Throughout the summer, the invasion fleet in Boston continued to grow. In late August, Phips set sail for Quebec with 34 ships and 2,000 members of the colonial militia. At the same time, an Iroquois force was to move up the Richelieu River and attack Montreal and Trois-Rivières before advancing on Quebec. The Iroquois had suffered severely from the French offensives the previous year, however, and the proposed attack never materialized.

The Phips expedition reached the St. Lawrence on 10 October 1690. Five days later, the fleet dropped anchor outside Quebec. On 17 October, de Callières, the Governor of Trois-Rivières, arrived in Quebec with 3,000 Troupes de la Marine and militia from Montreal and Trois-Rivières.

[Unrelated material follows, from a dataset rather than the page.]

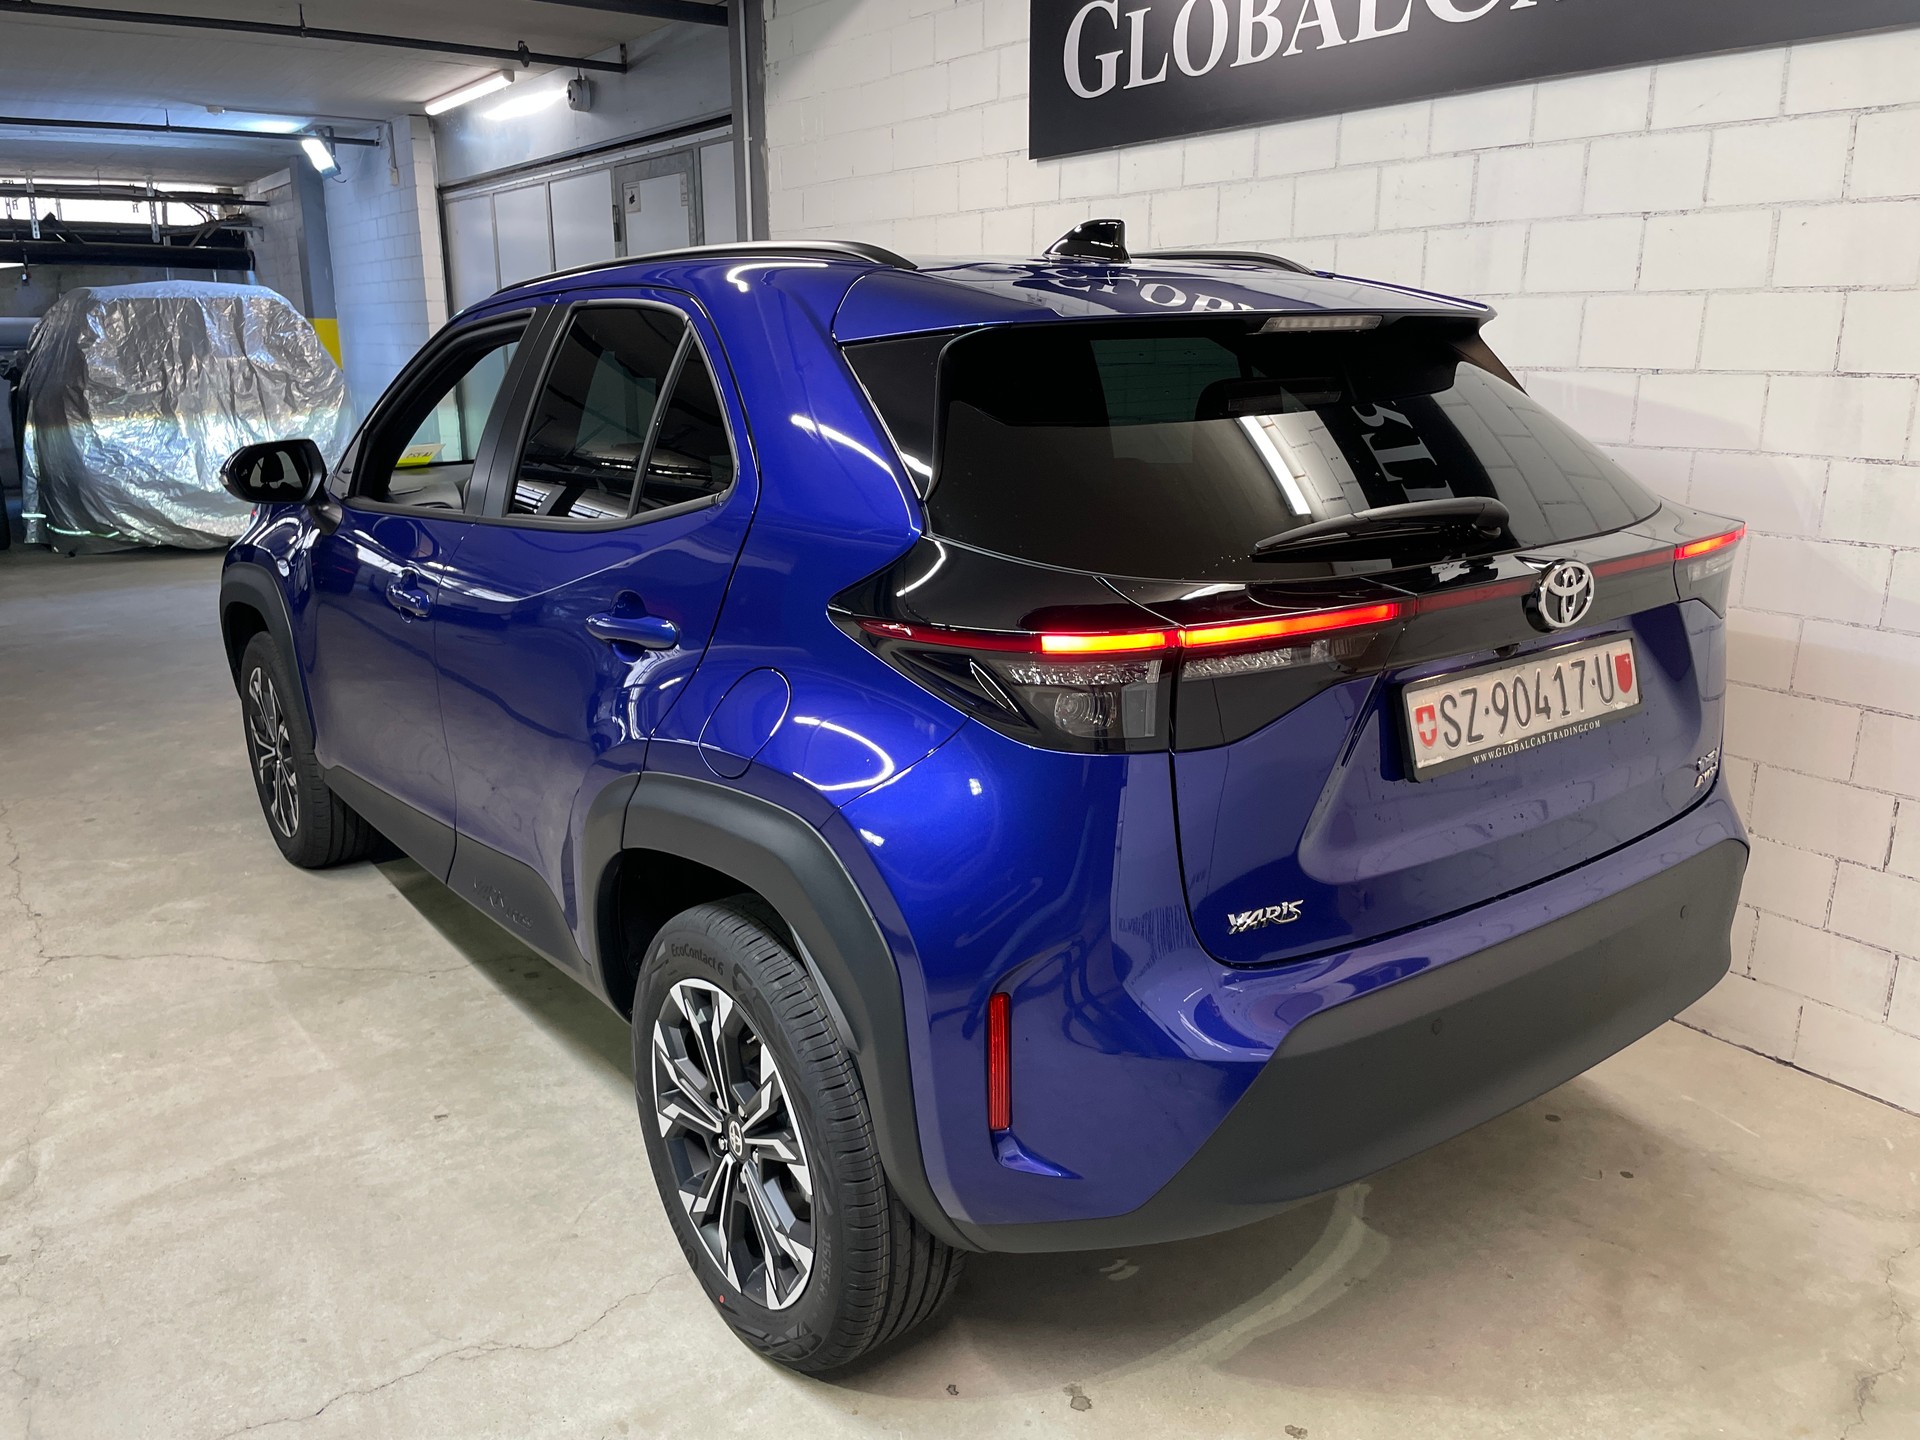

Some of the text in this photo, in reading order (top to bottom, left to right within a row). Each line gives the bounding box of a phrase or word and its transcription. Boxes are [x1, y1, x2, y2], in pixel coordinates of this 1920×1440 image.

Sir William Phips ordered one of his officers, Major Walley, to land 1,300 troops at the Beauport shore, a site north of Quebec, on 18 October. As the Anglo-American force landed, a group of 400 militia and Montagnais unleashed accurate musket fire from the woods along the shore. For three days, the English colonial militia endured torrents of deadly fire. On the night of October 21-22, Major Walley's force withdrew in chaos and panic. Anglo-American militiamen abandoned their weapons as they hastily clambered into their boats and retreated. The following day, Phips bombarded Quebec with naval guns with little effect. On 25 October 1690, the English fleet weighed anchor and returned to Boston.